Here at Aussie green thumb we’re always trying to help you get the most out of your garden. We want you to have the best possible backyard you can, really!
One of the most fundamental ways you can get the most out of your backyard garden is to have a sensible and effective garden design.
You don’t need to be a qualified landscape architect, but knowing some basics will definitely set you on the right path.
Garden Design 101 - What is Garden Design?
To put it simply, garden design is the style and way the ‘pieces’ in your garden are laid out and presented to a viewer. The ‘pieces’ obviously include your plants, but they can also be things like pots, or feature points like a water fountain.
Following a certain garden design style or theme will influence the way these pieces are set out, but also influence the type of pieces you might want to use.
A cottage garden design theme like this uses plants with lots of colours and flowers so that there is always something happening in it. Using a plant that doesn’t match that style would just look out of place.
Certain plants lend themselves to certain garden design themes, as do a lot of feature points commonly used.
Sticking to a certain theme doesn’t necessarily mean that all other plants wont work, but it does mean you might need to refine a planting list if you’re chasing a specific look.
For example, imagine a cottage garden in your head…now, can you picture a 6 foot tall cactus matching?

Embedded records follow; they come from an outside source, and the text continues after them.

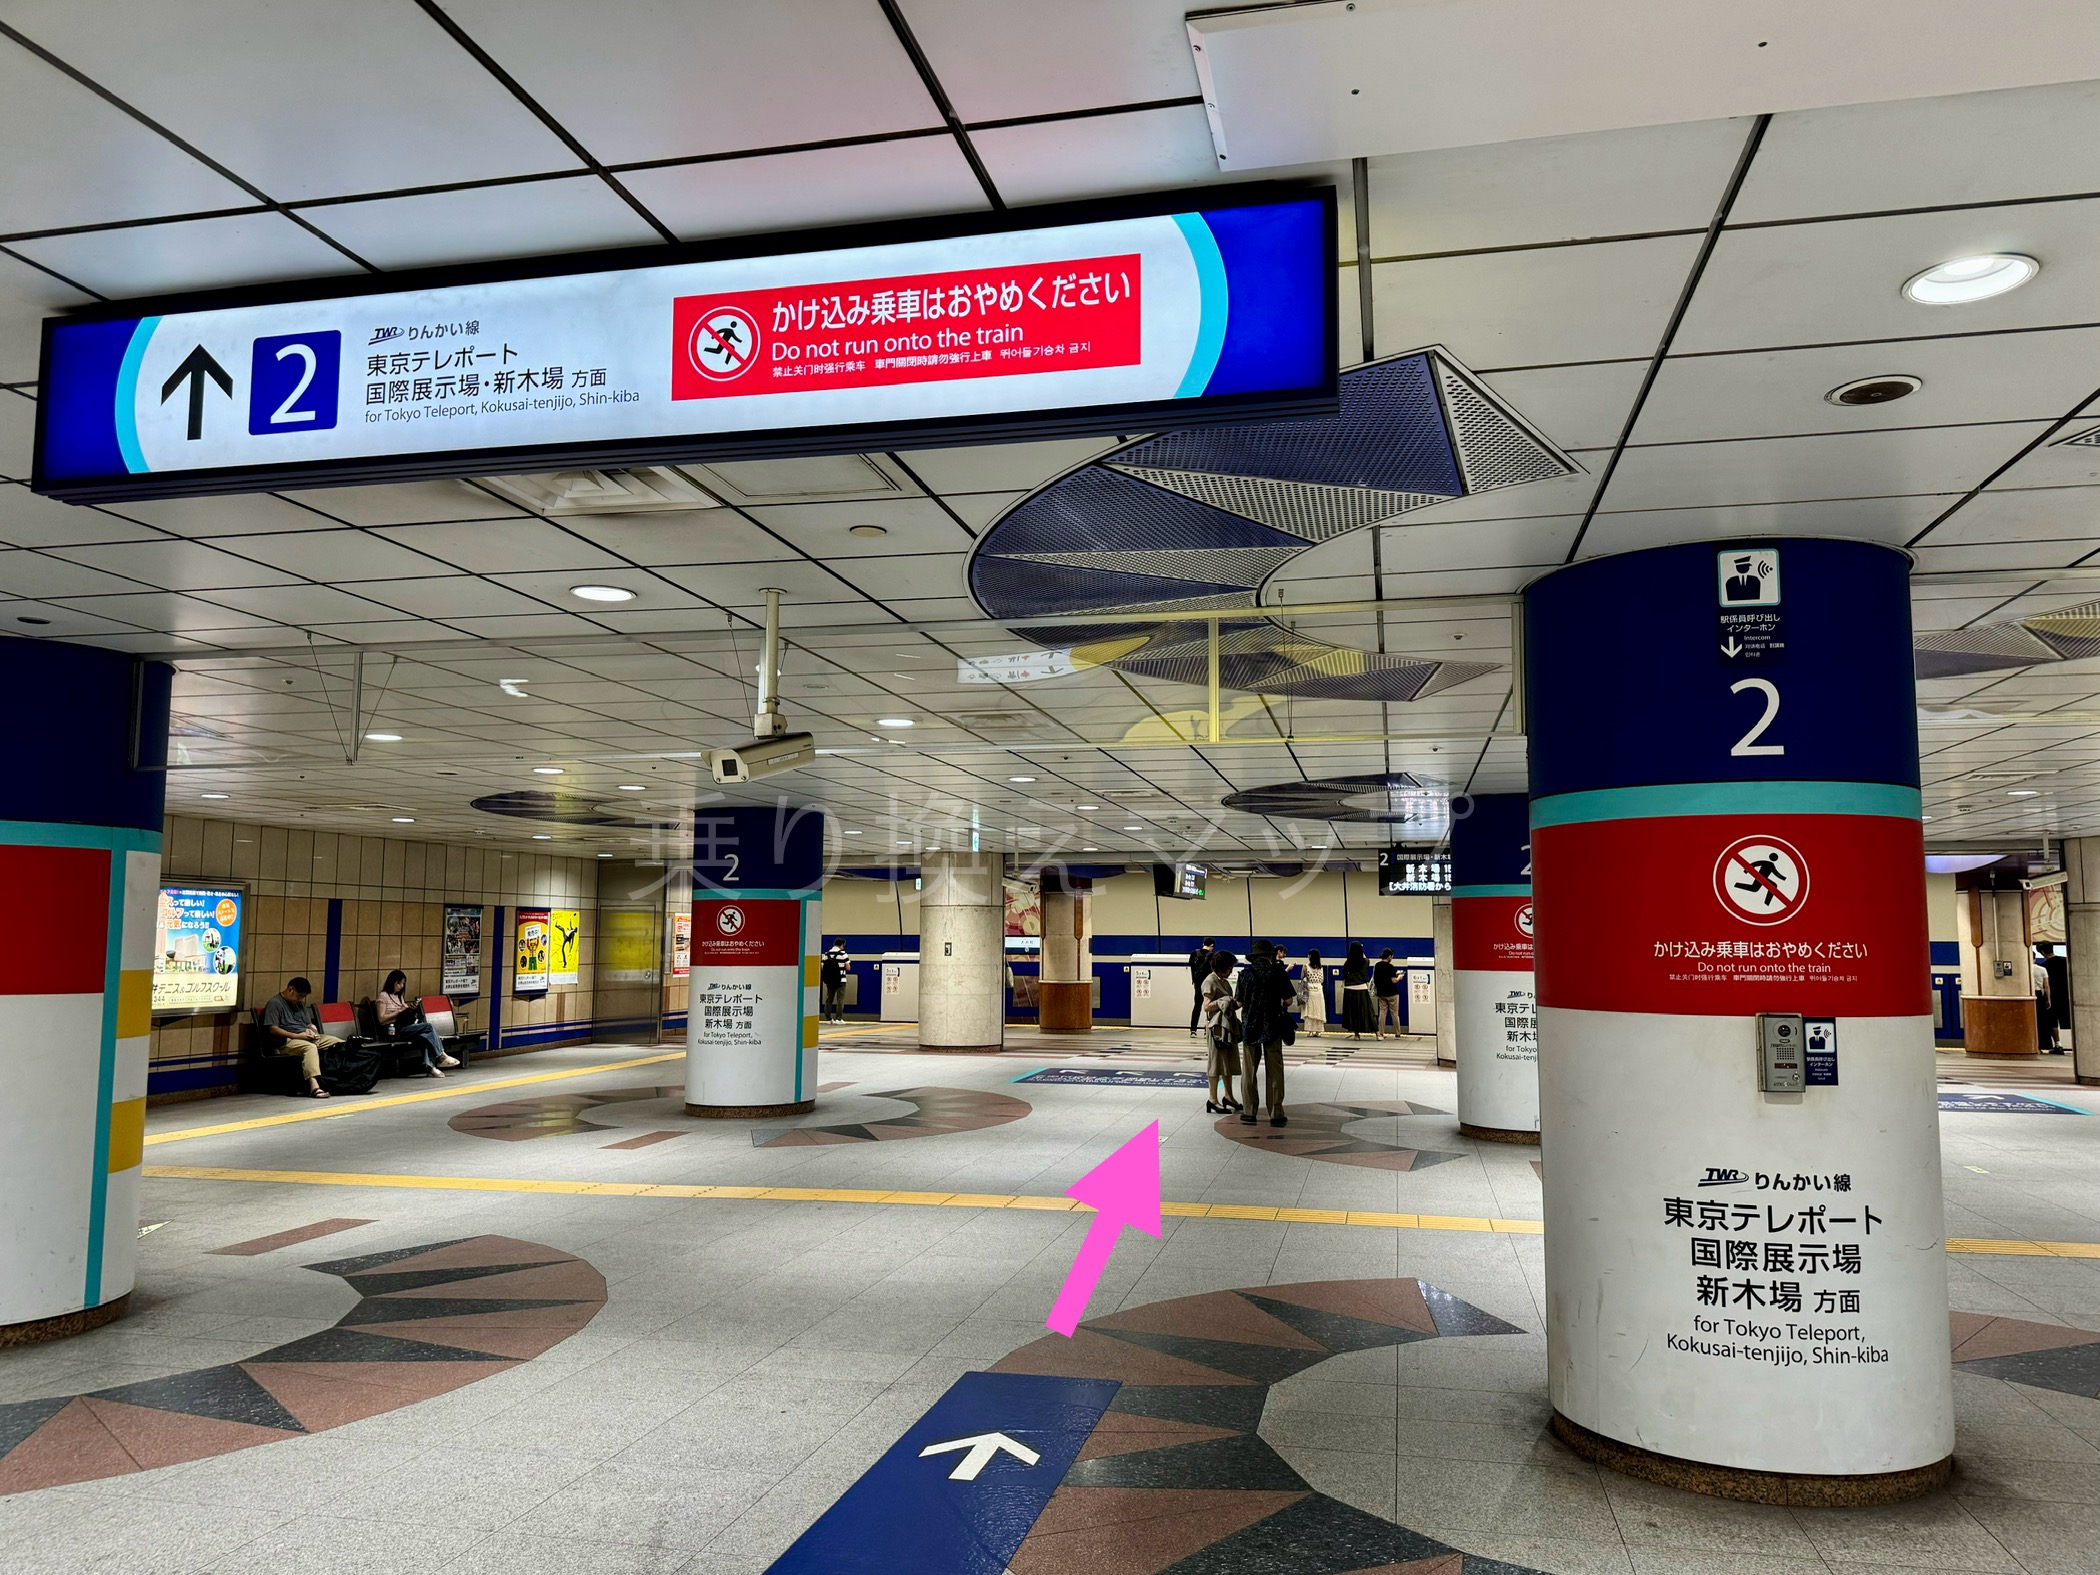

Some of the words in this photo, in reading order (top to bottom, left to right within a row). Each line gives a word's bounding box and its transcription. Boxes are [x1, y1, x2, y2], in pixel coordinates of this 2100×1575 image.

[771, 271, 1131, 334] かけ込み乗車はおやめください
[407, 320, 481, 341] りんかい線
[771, 341, 800, 362] Do
[805, 337, 840, 360] not
[845, 336, 878, 356] run
[883, 330, 931, 353] onto
[935, 326, 970, 350] the
[975, 323, 1025, 346] train
[366, 343, 519, 377] 東京テレポート
[1068, 341, 1091, 354] 금지
[269, 343, 318, 425] 2
[365, 366, 565, 406] 国際展示場・新木場
[571, 368, 607, 389] 方面
[365, 409, 382, 423] for
[385, 406, 421, 424] Tokyo
[424, 403, 478, 421] Teleport,
[481, 395, 576, 415] Kokusai-tenjijo,
[579, 389, 640, 407] Shin-kiba
[1720, 613, 1780, 624] 駅係員呼び出し
[1727, 623, 1776, 633] インターホン
[1729, 677, 1785, 757] 2
[722, 853, 740, 881] 2
[1379, 852, 1389, 866] 2
[1653, 940, 1869, 960] かけ込み乗車はおやめください
[1697, 962, 1714, 972] Do
[1716, 962, 1736, 972] not
[1738, 964, 1756, 972] run
[1759, 963, 1786, 972] onto
[1787, 962, 1806, 972] the
[1808, 962, 1831, 972] train
[699, 993, 763, 1004] 東京テレポート
[704, 1005, 754, 1017] 国際展示場
[704, 1018, 733, 1029] 新木場
[736, 1021, 752, 1029] 方面
[1701, 1167, 1744, 1184] TWR
[1754, 1172, 1852, 1193] りんかい線
[1663, 1197, 1883, 1235] 東京テレポート
[1690, 1236, 1862, 1275] 国際展示場
[1696, 1274, 1802, 1313] 新木場
[1813, 1289, 1861, 1314] 方面
[1693, 1315, 1720, 1334] for
[1723, 1318, 1782, 1342] Tokyo
[1785, 1323, 1866, 1345] Teleport,
[1666, 1333, 1809, 1367] Kokusai-tenjijo,
[1812, 1346, 1889, 1365] Shin-kiba
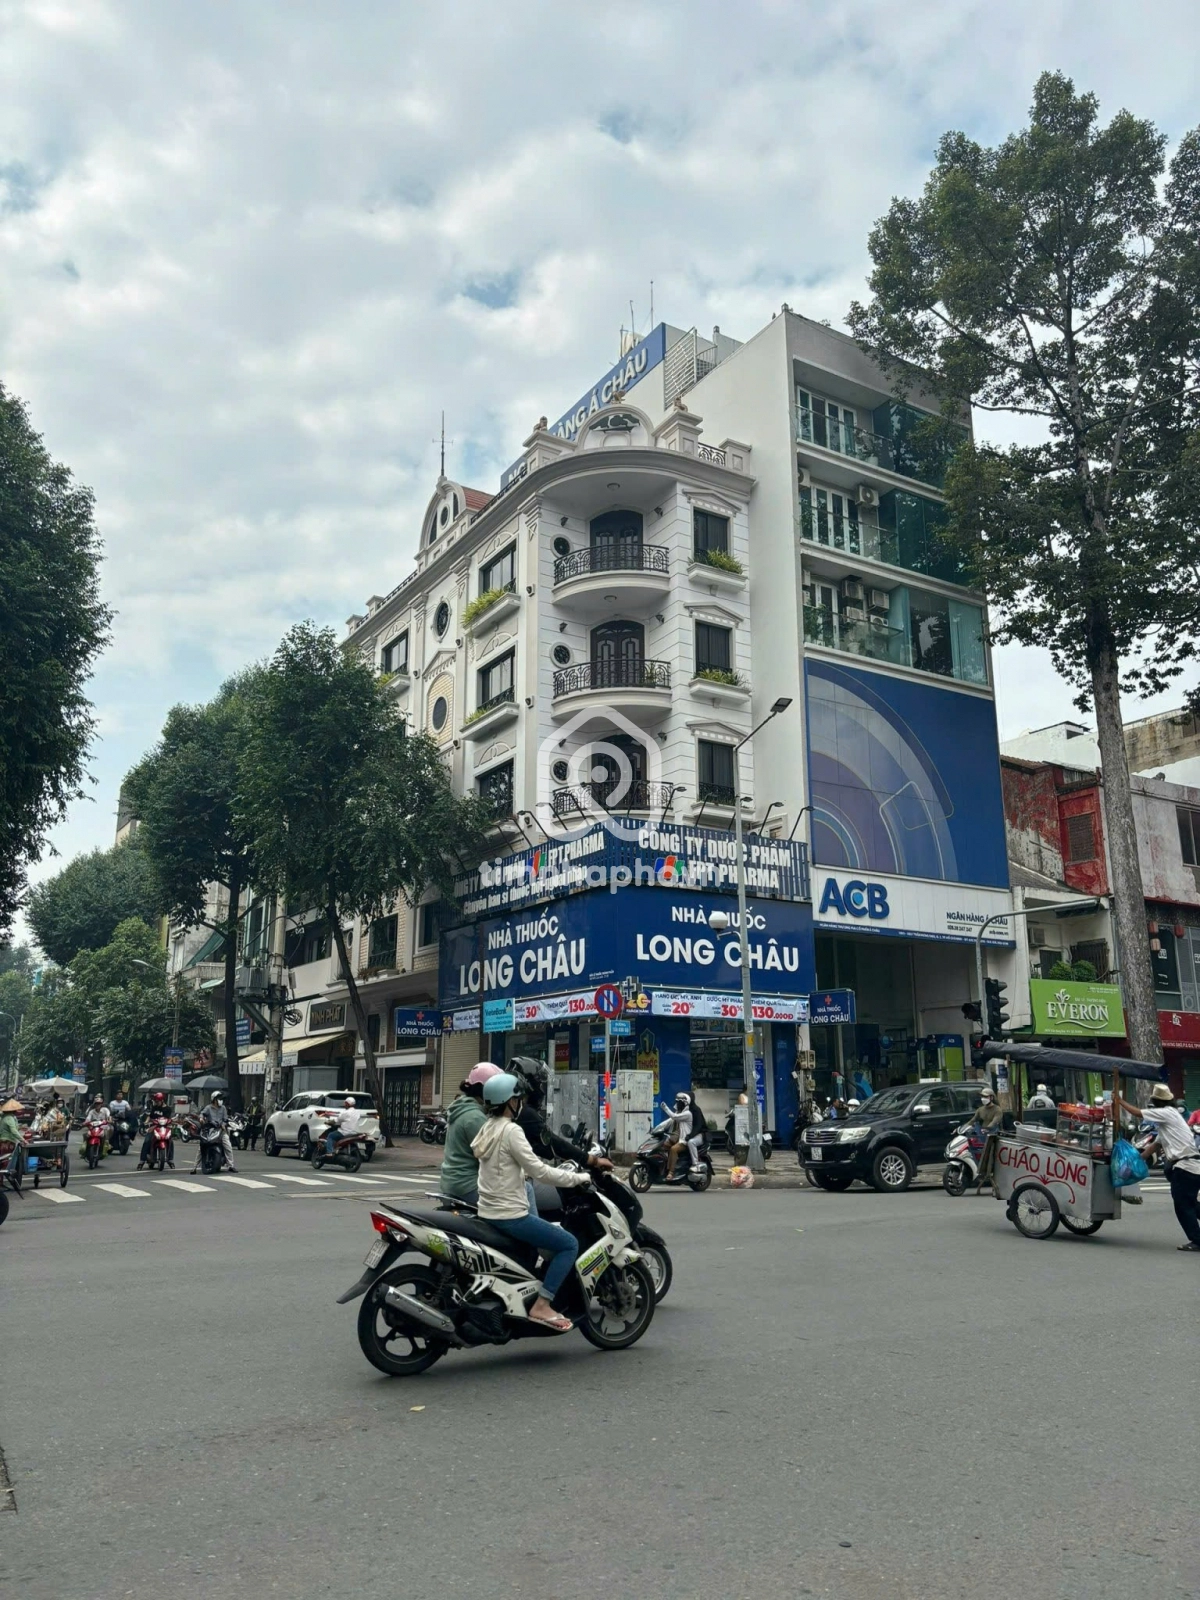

Probably not… There are a lot of different design themes and concepts out there, and it’s not a one size fits all direction you’re following.
You want what is right for you, and your garden design should fit your style and maintenance preferences, and also match your gardening skill level as well as allow you to get what you want out of your garden.
Garden Design or Landscape Design?
This might sound like a confusing question, but it is important that we clarify the difference here. Firstly, think about the term ‘Garden’ and what it means.
A plot of land worked and planted with flowers, herbs or fruit and veg? A garden indicates a gardeners involvement and continued work to keep it in a certain style.
Now, lets think about the word ‘Landscape’. A landscape is an area as a whole, and encompasses everything within it’s boundaries, including gardens.
So then garden design involves the individual garden aspects, whereas landscape design involves the aspects and components of an entire area, including gardens!
The landscape design here includes the rolling hills, meandering track, and the lake to draw the viewers eyes down towards the focal point of the bridge.
The wooded garden area on the right provides a slight break so the eyes movement is more gentle, as well as acting as a ‘halfway’ destination for a visitor on the track.
A bright elaborate garden here would have clashed with the theme and taken away from the landscape as a whole. Why point out the difference though?
It’s important to keep in mind the overall idea of your landscape design when planning out your individual gardens, because the two need to work together in the overall scheme.
Your landscape may only be a small backyard , but the gardens within it need to compliment each other and the whole space.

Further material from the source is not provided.